What to look for: Upgrade prompts that interrupt the user's workflow. Missing contextual upgrade surfaces at the moment the user hits a limit. Paid features that are invisible to free-tier users.

11. Help and support

What to measure: Self-service resolution rate. Average time from question to answer. Support ticket volume per user.

What to look for: Help documentation that doesn't match the current UI. Missing contextual help (tooltips, inline guidance). Search that returns irrelevant results.

12. Account management

What to measure: Time to add a team member. Billing change completion rate. Data export accessibility.

What to look for: Billing pages that require contacting support. Team management that requires admin privileges for basic actions. Missing data export options.

How to prioritize findings

Rate each surface on two dimensions:

Impact: How many users does this surface affect, and how much does it influence conversion, retention, or expansion? A friction point in onboarding affects every new user. A friction point in the billing settings affects users once a year. Weight accordingly — and cross-reference with customer complaint data. If the same workflow shows up in support tickets, churned-customer exit interviews, and low-star G2 reviews, that workflow moves to the top of the list regardless of what the NPS survey says.

Effort: How much design and engineering time is required to fix the identified issues?

Start with high-impact, low-effort fixes. These are usually interaction-level changes (button placement, copy changes, flow simplification) rather than architectural changes. A typical UX audit produces 8-12 high-impact, low-effort fixes that can be shipped in 2-4 sprints. Forrester's research on UX ROI shows that every dollar invested in usability returns $10-100 in reduced development costs and increased revenue.

Once the audit identifies where friction lives, quantifying the revenue impact of fixing it builds the business case for investment. Many of the same principles apply to website conversion optimization — the audit methodology translates directly to marketing surfaces.

RNO1 conducts UX audits as a standalone engagement and as the diagnostic phase of product experience redesigns. The audit typically requires 2-3 weeks and produces a prioritized roadmap that aligns design, engineering, and product leadership on what to fix first.

Frequently Asked Questions

How long does a UX audit take?

A comprehensive 12-surface audit takes 2-3 weeks with a senior UX team. This includes heuristic evaluation, analytics review, 5-8 user interviews or session recordings, and a prioritized findings report. A lighter-weight audit focused on 3-4 surfaces (typically onboarding, core workflow, and navigation) can be completed in 1 week.

How is a UX audit different from usability testing?
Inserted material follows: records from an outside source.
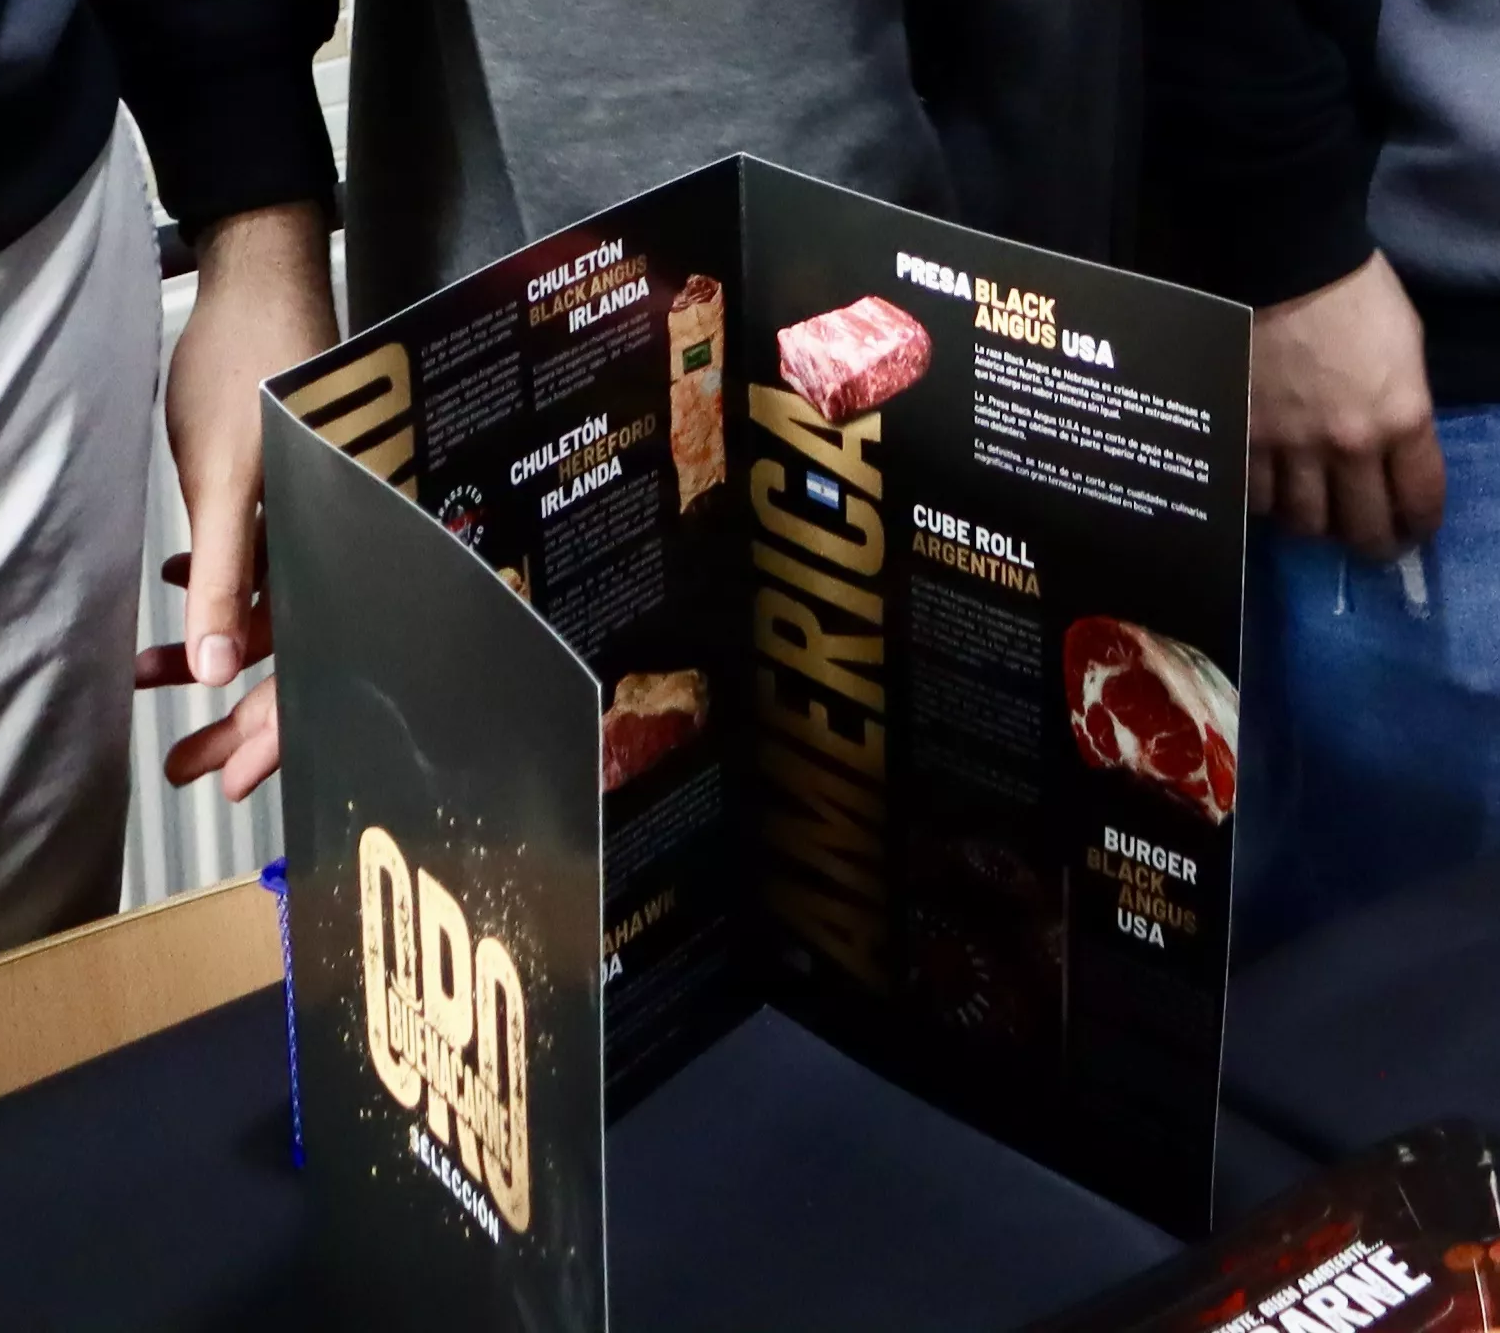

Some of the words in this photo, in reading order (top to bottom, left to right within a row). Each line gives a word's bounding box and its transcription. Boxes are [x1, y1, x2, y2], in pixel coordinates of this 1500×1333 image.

[527, 237, 623, 303] CHULETÓN
[529, 284, 588, 328] BLACK
[589, 253, 648, 298] ANGUS
[896, 251, 972, 301] PRESA
[974, 277, 1056, 324] BLACK
[568, 275, 650, 334] IRLANDA
[974, 304, 1057, 350] ANGUS
[1061, 329, 1115, 369] USA
[509, 412, 608, 486] CHULETÓN
[558, 412, 657, 483] HEREFORD
[540, 455, 623, 519] IRLANDA
[912, 530, 1041, 599] ARGENTINA
[913, 503, 971, 546] CUBE
[975, 525, 1035, 569] ROLL
[1086, 846, 1165, 897] BLACK
[1104, 825, 1197, 885] BURGER
[1117, 907, 1165, 949] USA
[1118, 882, 1197, 936] ANGUS
[410, 1122, 500, 1245] SELECCIÓN
A UX audit is an expert evaluation across multiple surfaces using heuristics, analytics, and established benchmarks. Usability testing observes real users performing specific tasks. They complement each other — the audit identifies likely problem areas quickly, and usability testing validates whether those problems actually affect users in practice. Start with the audit to focus the testing.

What tools do you need to run a UX audit?
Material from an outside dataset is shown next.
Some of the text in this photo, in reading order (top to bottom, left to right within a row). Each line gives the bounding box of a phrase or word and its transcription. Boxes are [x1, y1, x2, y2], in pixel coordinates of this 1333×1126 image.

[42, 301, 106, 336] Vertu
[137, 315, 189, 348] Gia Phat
Analytics (Mixpanel, Amplitude, or equivalent for funnel data), session recording (Hotjar, FullStory), the product itself on multiple devices, and access to support ticket data. The most valuable input is often qualitative — 5-8 conversations with recent churned users reveal friction that analytics alone cannot surface.

When should a SaaS company run a UX audit?

Three triggers: (1) growth has stalled and the team disagrees on why — revenue is flat, churn is climbing, and nobody can isolate whether the problem is acquisition, activation, or retention, (2) the company is planning a major product investment and needs to prioritize where design effort will move the number most, (3) post-acquisition when two products with different UX patterns are being evaluated for integration. A less obvious but equally urgent trigger: customer complaints clustering around the same workflows. When support tickets, G2 reviews, and churned-customer interviews all point at the same three screens, that's not a feature gap — that's a UX debt problem the audit will quantify. The worst time is mid-redesign — run the audit before committing to a direction, not after.